Breads & Rolls

Jean's Sour Cream Coffee Cake

Summary

Yield
24 Servings
Source Kay Jones (1993)
Prep time
20 minutes
Cooking time
40 minutes
Total time
1 hour

Ingredients

1⁄2 lb
butter or margarine
1 1⁄2 c
granulated sugar (divided)
3
eggs
1 c
sour cream
2 1⁄2 c
all-purpose flour (sifted)
2 t
baking powder
1 t
soda
  pn
salt
1 t
vanilla extract (or 1 tsp. lemon extract)
1 c
ground nuts (pecans)
1 t
cinnamon

Instructions

Streusel Recipe: Cream 1 cup sugar and butter thoroughly. Add one egg at a time and beat well after each addition. Add sour cream gradually. Sift flour with baking powder, soda and salt. Add extract flavoring. Using 2 (8-inch) cake pans or 1 (13 x 10 x 2-inch) greased pan, spread batter to 1 inch thick on bottom (not too much). Sprinkle liberally with 1/2 streusel topping. Put rest of batter over top of streusel. Dab rest of batter over top of streusel layer.

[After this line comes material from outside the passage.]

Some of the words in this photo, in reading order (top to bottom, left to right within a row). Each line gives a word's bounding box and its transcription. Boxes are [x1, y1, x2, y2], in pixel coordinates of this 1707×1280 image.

Use back of spoon. Sprinkle rest of streusel. Bake at 375° for 30 minutes. Watch. May bake at 350° for 40 minutes.

Streusel Topping: Mix together ground nuts, 1/2 cup sugar and cinnamon.

Holiday Coffee Cake

Summary

Yield
24 Servings
SourceHeather Phalen (1988)
Prep time
20 minutes
Cooking time
40 minutes
Total time
1 hour

Ingredients

1 c
oleo
1 c
sugar
2
eggs
1 t
vanilla
2 c
flour
1 t
baking soda
1 t
baking powder
1⁄2 t
salt
8 oz
sour cream
1 cn
whole cranberry sauce (16 oz.)
1⁄2 c
chopped walnuts

Instructions

Preheat oven to 350°. Grease a bundt pan. Cream oleo and sugar together in a large bowl. Beat in eggs and vanilla extract. Sift flour, baking soda, baking powder and salt together. Mix alternately into batter with sour cream. Pour 1/2 mixture into a bundt pan. Combine cranberry sauce and nuts in a small bowl. Spread 1/2 over batter in bundt pan to within 1/4 inch of outer edge. Top with remaining batter, then remaining cranberry sauce mixture. Bake at 350° for 35 to 40 minutes, until center is done. 

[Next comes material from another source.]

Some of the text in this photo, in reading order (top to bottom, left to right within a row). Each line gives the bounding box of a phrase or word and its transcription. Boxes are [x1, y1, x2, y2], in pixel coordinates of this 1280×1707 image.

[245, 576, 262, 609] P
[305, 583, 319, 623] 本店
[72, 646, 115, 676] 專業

Christmas Kringle Coffee Cake

Summary

Yield
8 Servings
SourceMarion Grasso (1975)
Prep time
30 minutes
Cooking time
1 hour
Total time
1 hour, 30 minutes

Ingredients

1 t
almond extract
2 c
all-purpose flour (divided)
1 c
butter or margarine (divided)
1 c
water (and 2 tbsn., divided)
3
eggs
 
Confectioners' sugar glaze
 
chopped nuts (opt.)

Instructions

For the pastry: Cut 1/2 cup butter or margarine into 1 cup flour as though making a pie crust. Sprinkle 2 tablespoons water over flour mixture and blend with a fork. Roll out or pat pastry into 2 long strips, about 3 inches wide and 1/4 inch thick onto an ungreased cookie sheet.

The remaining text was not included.